Cis only elements were significantly enriched for cis-eQTLs in EBV-transformed B cells from the GTEx consortium, while the other classes were not enriched for cis-eQTLs (Figure 6A; 1.6x fold-change, empirical p-value = 1e-4). Focusing on human-specific active elements, the difference between cis only and trans only regions is even more extreme (Figure 6A inset). This suggests that regulatory elements that experienced sequence-based evolutionary divergence between human and macaques are more likely to harbor variants that modulate gene expression among humans, while trans only regions are less likely to tolerate functional variants.

Figure 6: A human accelerated cis only element regulates NLRP1 expression.

(A) Enrichments of cis only, trans only, and cis & trans regions for EBV-transformed B cell eQTLs. The median fold-change compared to the expected background is plotted with 95% confidence intervals, which were estimated from 10,000 bootstraps. The inset in represents EBV-transformed B cell eQTLs enrichments for human-specific cis only, trans only, cis & trans regions. (B) Normalized expression scores of NLRP1 for the three possible genotypes of rs1805264. (C) PhyloP score distribution for cis only and expected shuffled regions compared to the PhyloP score of the chr17: 5,486,721–5,486,861 locus (red dotted line). (D) Genomic locus on Chr17 with a zoomed-in view of a multi-way sequence alignment for a highly accelerated human-specific cis only element. (E) Differential TF footprints between human and macaque coincide with human-accelerated substitutions. (F) Differential expression of rs1805462-associated eQTL genes between human and macaque LCLs. (G) PheWAS associations for rs1805462 with variation in quantitative blood traits. See also Figure S6.
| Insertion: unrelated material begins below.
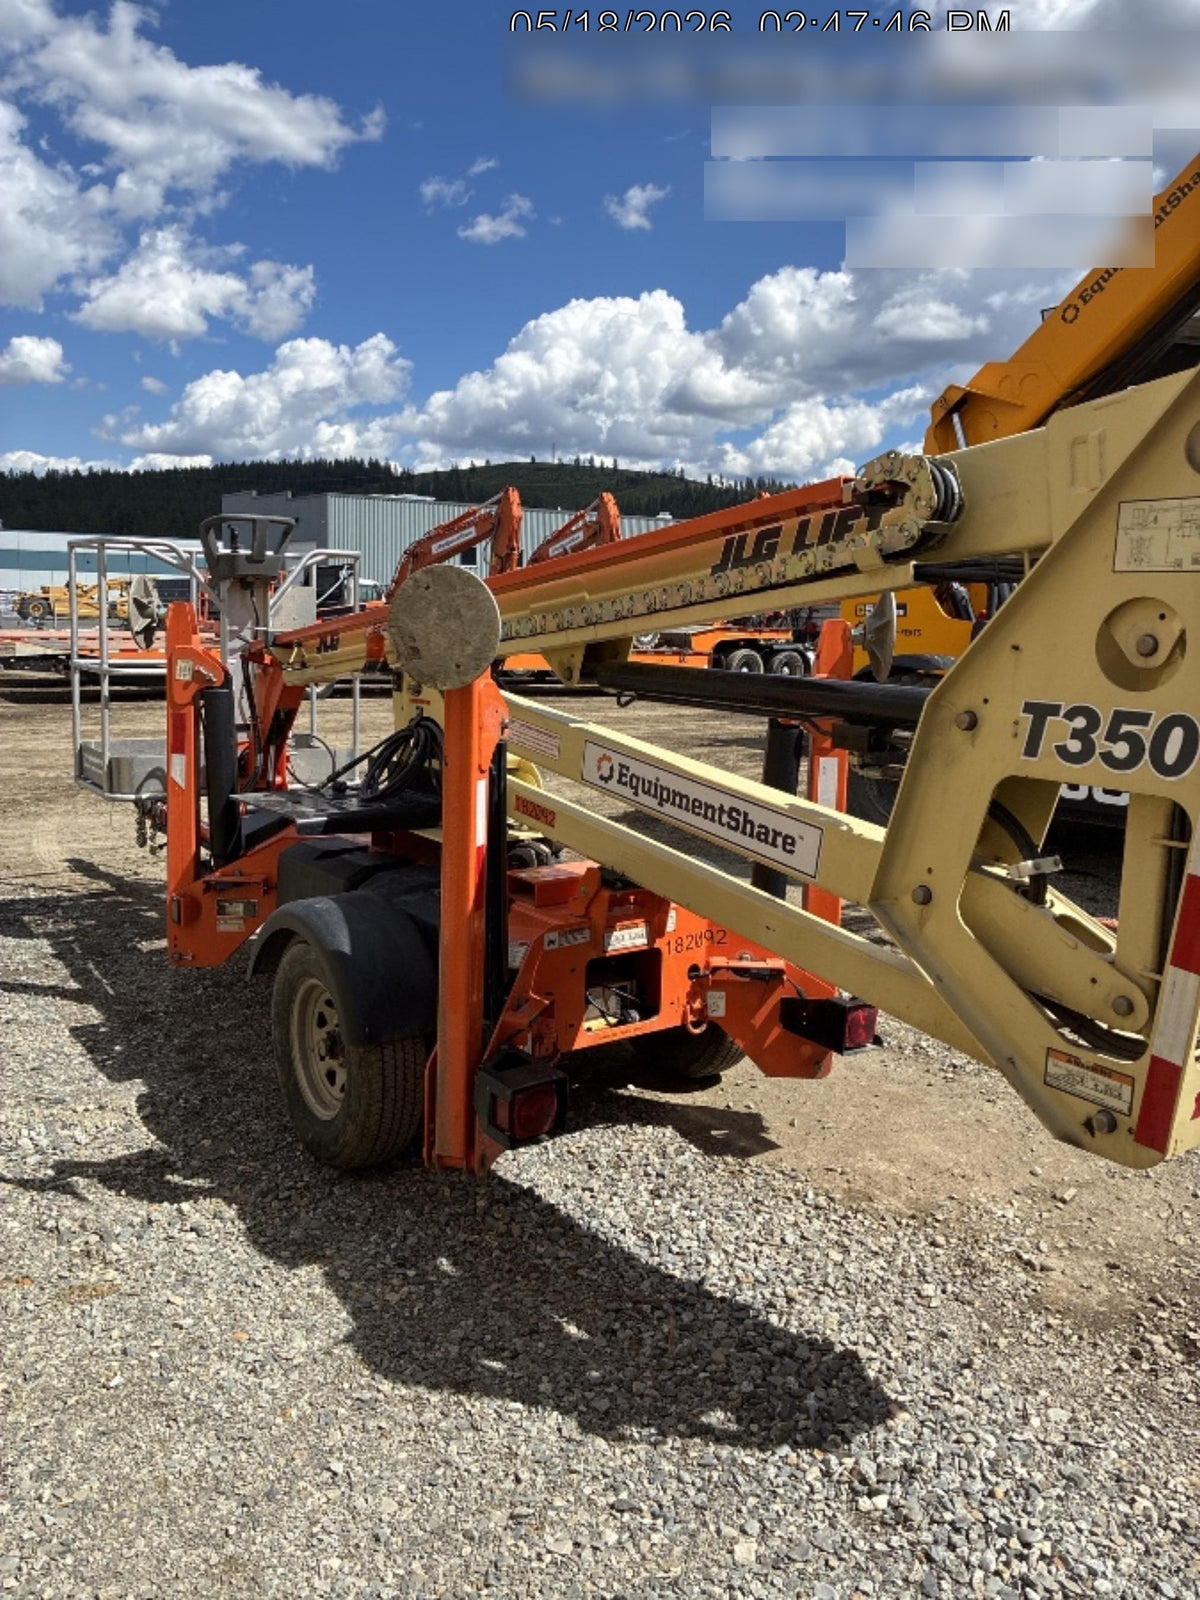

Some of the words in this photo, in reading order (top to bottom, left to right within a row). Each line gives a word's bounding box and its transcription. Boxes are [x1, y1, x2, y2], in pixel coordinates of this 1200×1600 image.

We also evaluated enrichment for human genome-wide association study (GWAS) variants in divergent region classes. We selected immune and inflammatory traits from the UK Biobank (UKBB) where heritability had previously been observed in B cell gene regulatory loci.⁴⁶ After removing HLA-overlapping peaks, we observed modest enrichment in all region classes for GWAS variants across 17 inflammatory and autoimmune traits with few differences between the classes (Figure S6A,B; empirical p-value <0.05).

We were particularly interested to explore variants associated with viral hepatitis C, because humans and chimpanzees, but not macaques or other Old-World Monkeys, are susceptible.⁶⁴ Human-specific trans only regions are significantly and specifically enriched for viral hepatitis C GWAS variants, while macaque-specific regions are not (Figure S6B). This suggests that trans-regulatory changes contributed to the ape-specific susceptibility to hepatitis C and that human genetic variants in the regions bound by these trans factors modulate susceptibility to infection.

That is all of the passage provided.